Onshore at The Lodge
In the 1950s Cabo Blanco ran on a heady mix of big fish, celebrities and high times. Big-time names like Ernest Hemingway, Alfred Glassell, Ted Williams, Marilyn Monroe, Joe DiMaggio and Enrique Pardo Heeren stayed at the Cabo Blanco Fishing Club and fished along the westernmost edge of South America in search of huge black marlin in Peru's famed "Marlin Alley."
World records hit the beach and world-class parties filled the halls of the Club. Today, Cabo Blanco is no more than a small, desolate spot on a beautiful coastline, but this past April, three legends from the glory days made their way down to the Restaurante Cabo Blanco to share a fine grouper ceviche and some memories of the past.
Captains Maximo Jacinto and Rufino Tume, along with club bartender Pablo Cordoba, all well into their 80s, were fixtures in the local fishing scene when Texan Alfred Glassell first showed up with Miss Texas in search of grander black marlin. "The U.S. captain and his crew knew how to catch marlin," recalls Jacinto, "but they didn't know where to fish for them. We showed them where to go and how to prepare dead baits to act as live."
Cordoba, acknowledged by Hemingway to have made the best bloody mary in the world, remembers: "The crowds that came with Hemingway, sometimes as many as 20, drank a lot. One time I dove beneath his boat to liberate the prop from some clear rope, and when I climbed back aboard, he gave me a whole glass of whisky… a whole big glass."

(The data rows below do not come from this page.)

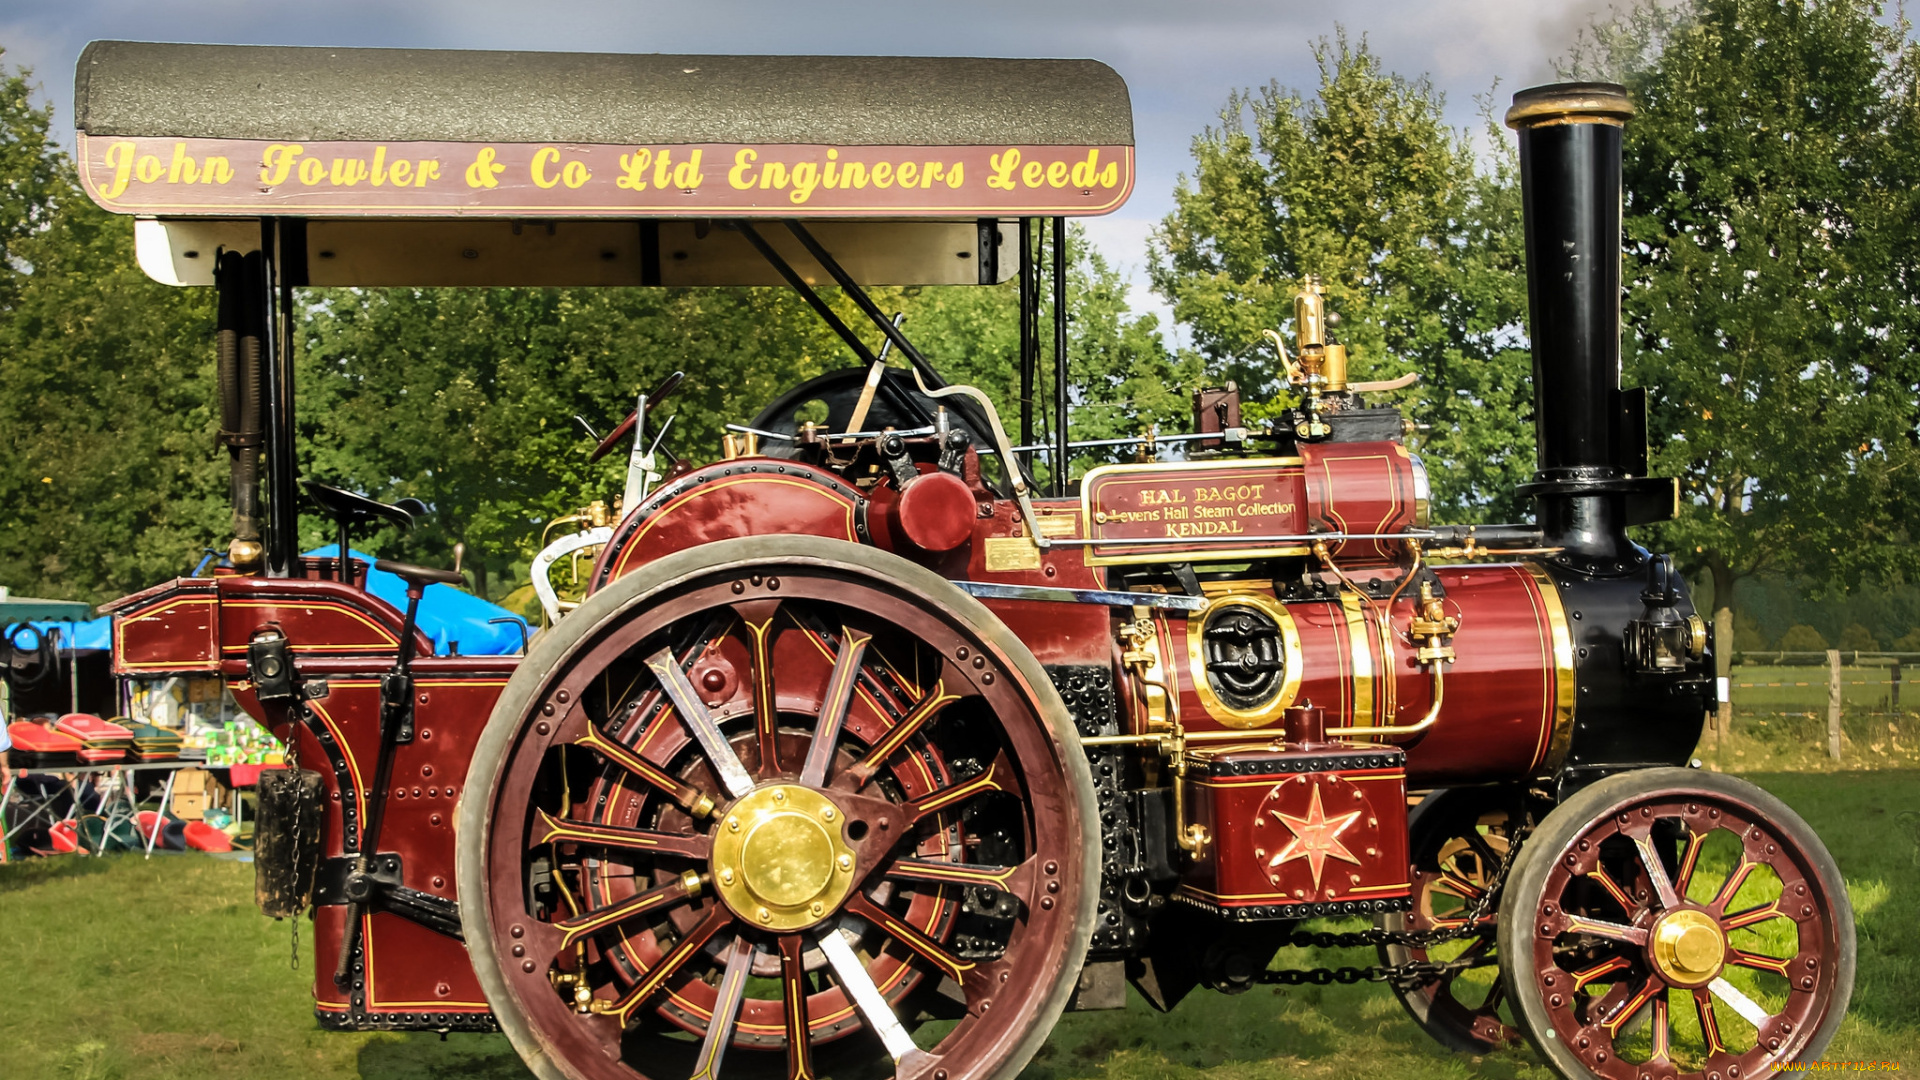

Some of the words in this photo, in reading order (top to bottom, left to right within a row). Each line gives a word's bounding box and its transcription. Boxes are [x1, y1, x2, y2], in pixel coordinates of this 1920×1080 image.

[99, 143, 236, 200] John
[262, 145, 441, 188] Fowler
[466, 147, 506, 189] &
[531, 148, 593, 190] Co
[616, 149, 704, 191] Ltd
[729, 149, 965, 204] Engineers
[988, 149, 1120, 190] Leeds
[1140, 489, 1186, 504] HAL
[1195, 484, 1265, 502] BAGOT
[1163, 506, 1189, 520] Hall
[1193, 505, 1234, 518] Steam
[1237, 502, 1296, 517] Collection
[1166, 520, 1244, 538] KENDAL

The biggest change since the days of the 1950s? "No people come to fish," says Tume.
"The big fish are still here," says Jacinto. "Some of these young men try to harpoon the big blacks and they break the lines. There are very big fish here."
All three easily agreed on the seasons: "If you want to catch striped marlin, come between January and March; for the big blacks come in May to September when we have wind," says Jacinto.